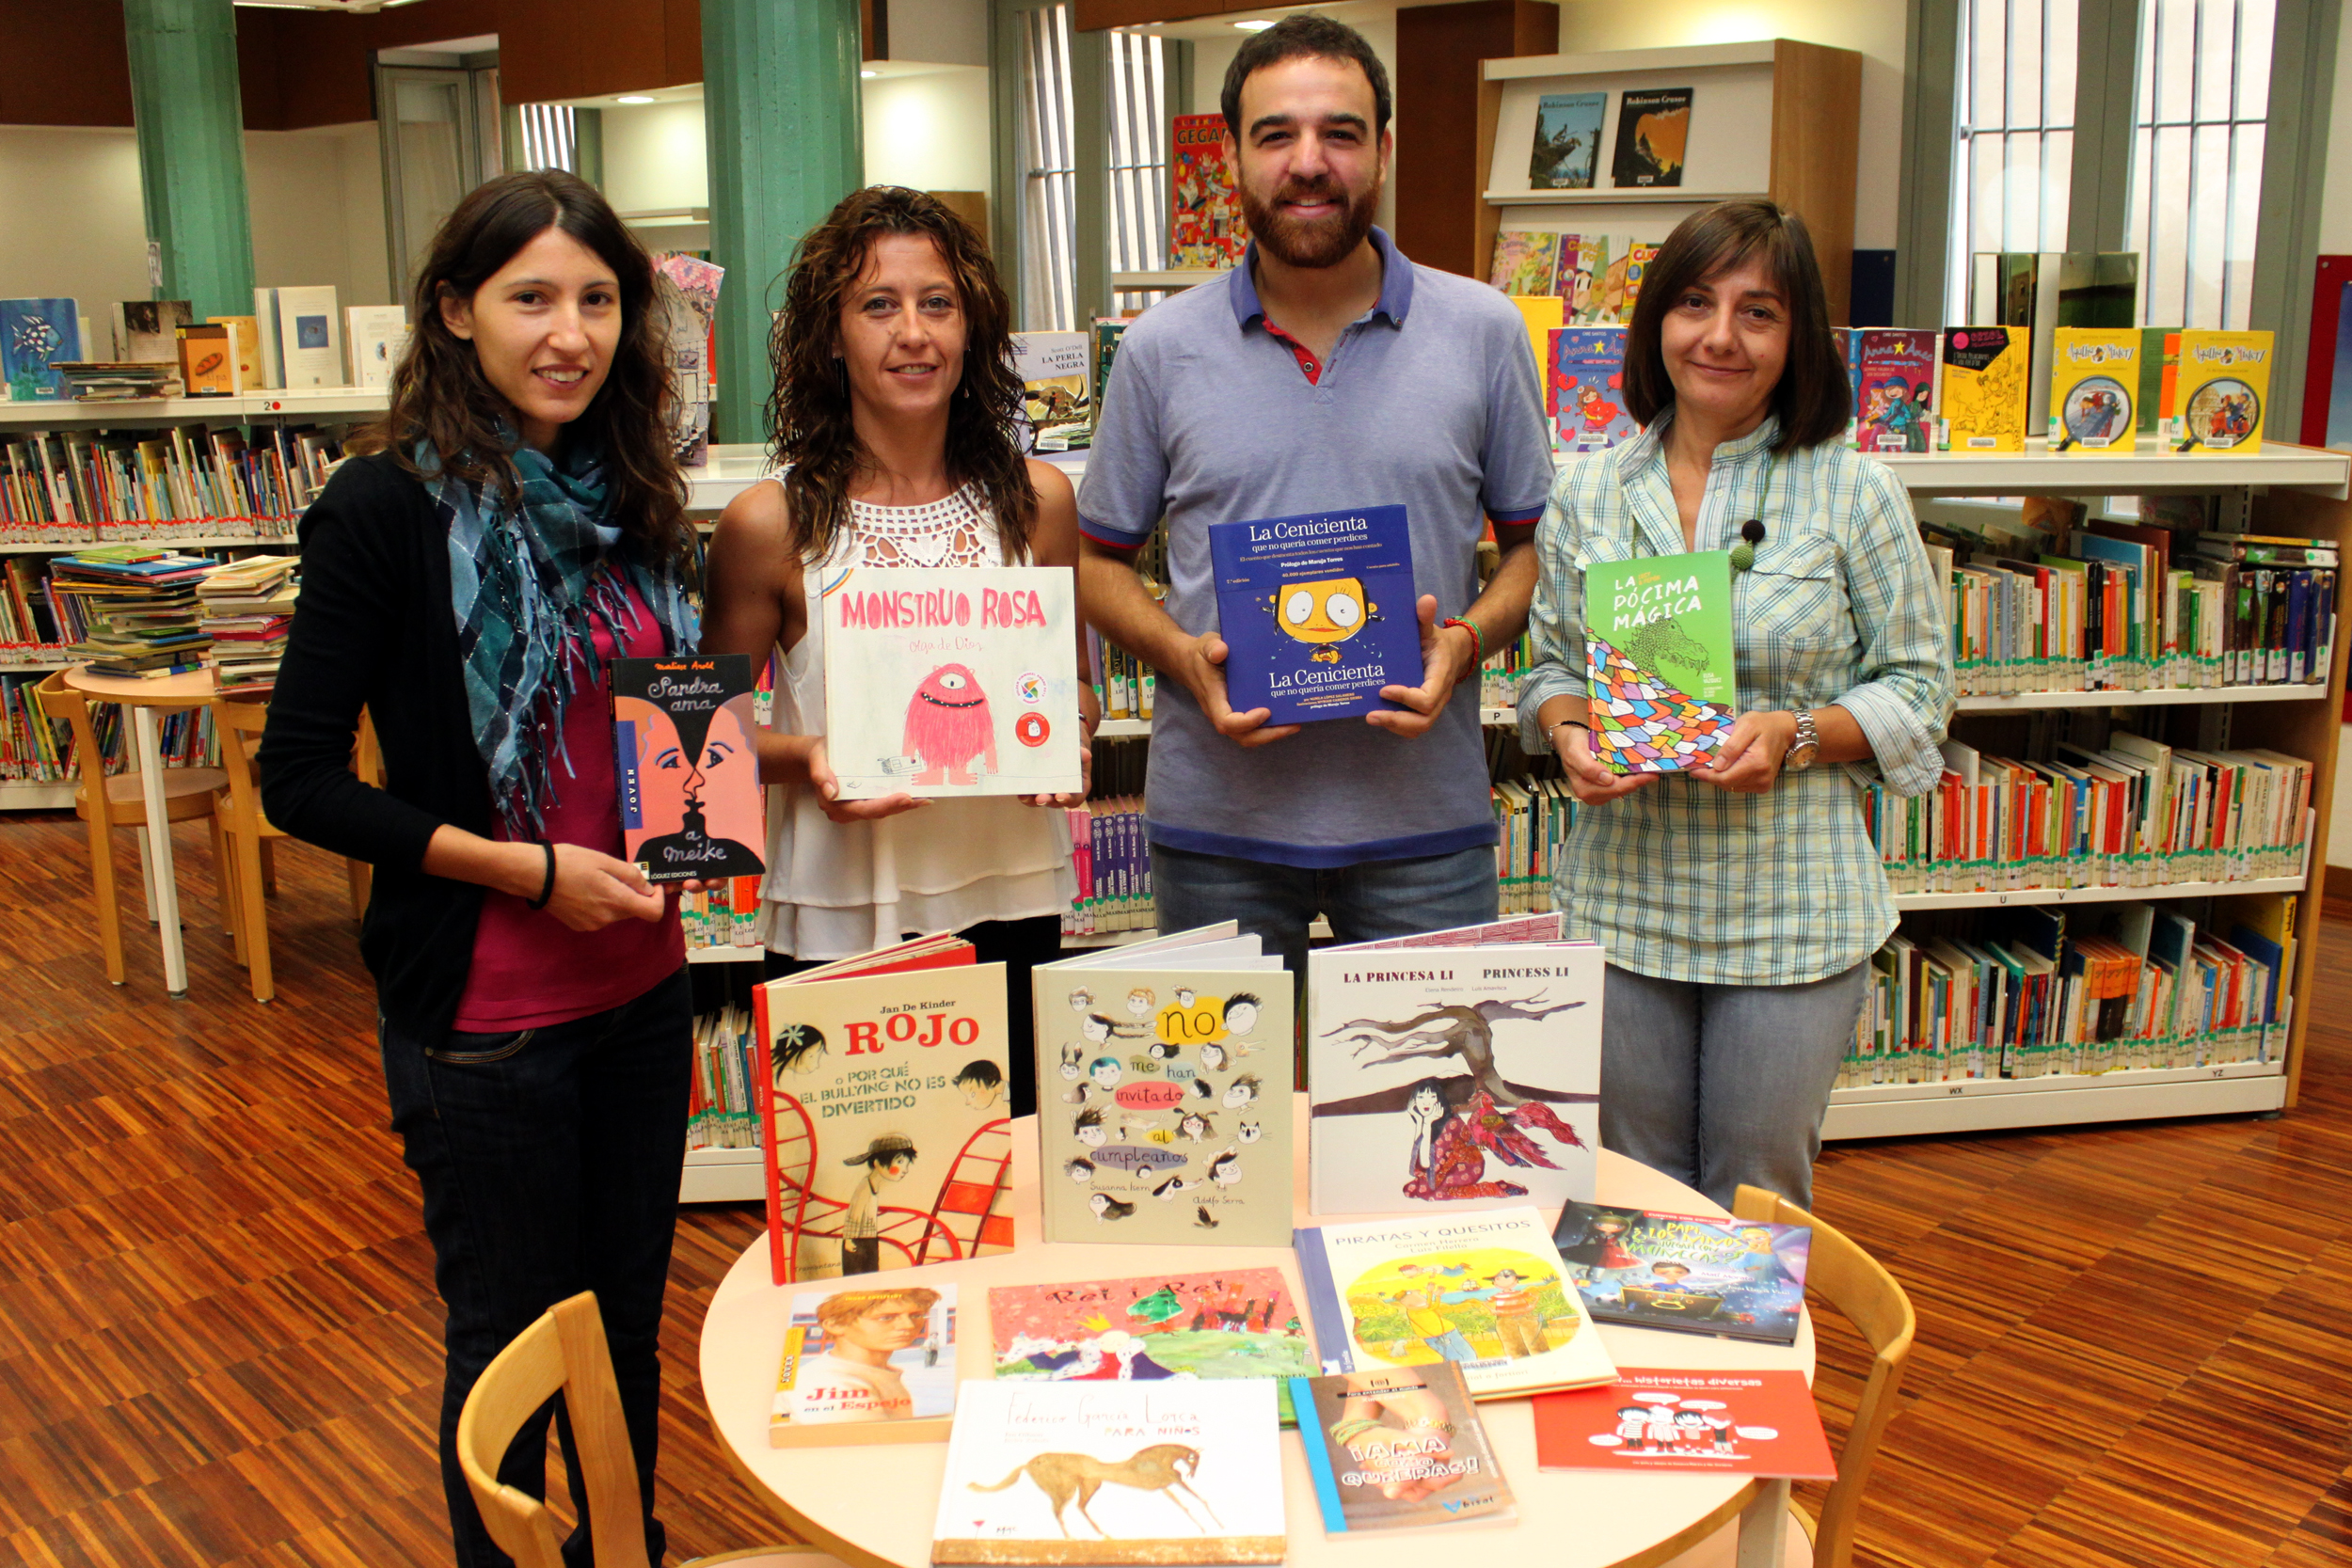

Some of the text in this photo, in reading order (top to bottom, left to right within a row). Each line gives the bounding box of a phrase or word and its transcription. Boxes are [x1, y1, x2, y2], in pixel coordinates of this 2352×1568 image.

[1626, 96, 1660, 105] Robinson
[1056, 352, 1084, 362] PERLA
[1055, 360, 1085, 371] NEGRA
[264, 402, 271, 410] 2
[1249, 516, 1368, 542] La Cenicienta
[1252, 545, 1267, 553] que
[1279, 538, 1306, 552] quería
[1307, 538, 1333, 546] comer
[1333, 532, 1368, 546] perdices
[1280, 560, 1300, 569] Prólogo
[1615, 576, 1636, 591] LA
[1613, 576, 1699, 611] PÓCIMA
[840, 587, 1047, 630] MONSTRUO ROSA
[1613, 595, 1702, 631] MÁGICA
[937, 637, 951, 651] de
[954, 636, 983, 652] Dios
[1269, 663, 1385, 689] La Cenicienta
[648, 676, 723, 698] Sandra
[1271, 689, 1286, 698] que
[1298, 684, 1324, 696] quería
[1325, 682, 1350, 691] comer
[1351, 677, 1386, 689] perdices
[671, 699, 716, 712] ama
[1494, 712, 1501, 721] P
[628, 769, 638, 813] JOVEN
[685, 831, 701, 842] a
[671, 870, 697, 879] EDICIONES
[2000, 895, 2007, 904] U
[1343, 970, 1454, 983] LA PRINCESA LI
[1483, 967, 1569, 979] PRINCESS LI
[880, 999, 956, 1015] Jan De Kinder
[844, 1013, 979, 1056] ROJO
[848, 1061, 909, 1083] POR QUÉ
[1131, 1060, 1154, 1072] me
[1167, 1065, 1197, 1079] han
[800, 1075, 946, 1104] EL BULLYING NO ES
[1116, 1086, 1185, 1102] invitado
[822, 1095, 916, 1118] DIVERTIDO
[1153, 1131, 1169, 1145] al
[1089, 1148, 1189, 1171] cumpleaños
[1089, 1182, 1151, 1192] Susanna Isern
[1193, 1196, 1245, 1207] Adolfo Serra
[1336, 1220, 1532, 1246] PIRATAS Y QUESITOS
[1394, 1235, 1480, 1250] Carmen Herrera
[1410, 1244, 1432, 1254] Luis
[1635, 1376, 1705, 1386] historietas
[1708, 1377, 1762, 1386] diversas
[805, 1387, 870, 1402] Jim
[839, 1398, 911, 1411] Espejo
[1008, 1392, 1200, 1428] Federico García Lorca
[1104, 1427, 1146, 1437] PARA
[1375, 1457, 1434, 1468] COMO

> _TASK DIRECTIONS_: Looking at the data above, state how many of its lines contain the word "comer", and give nothing but that number.

> _ANSWER TO THE EXERCISE_: 2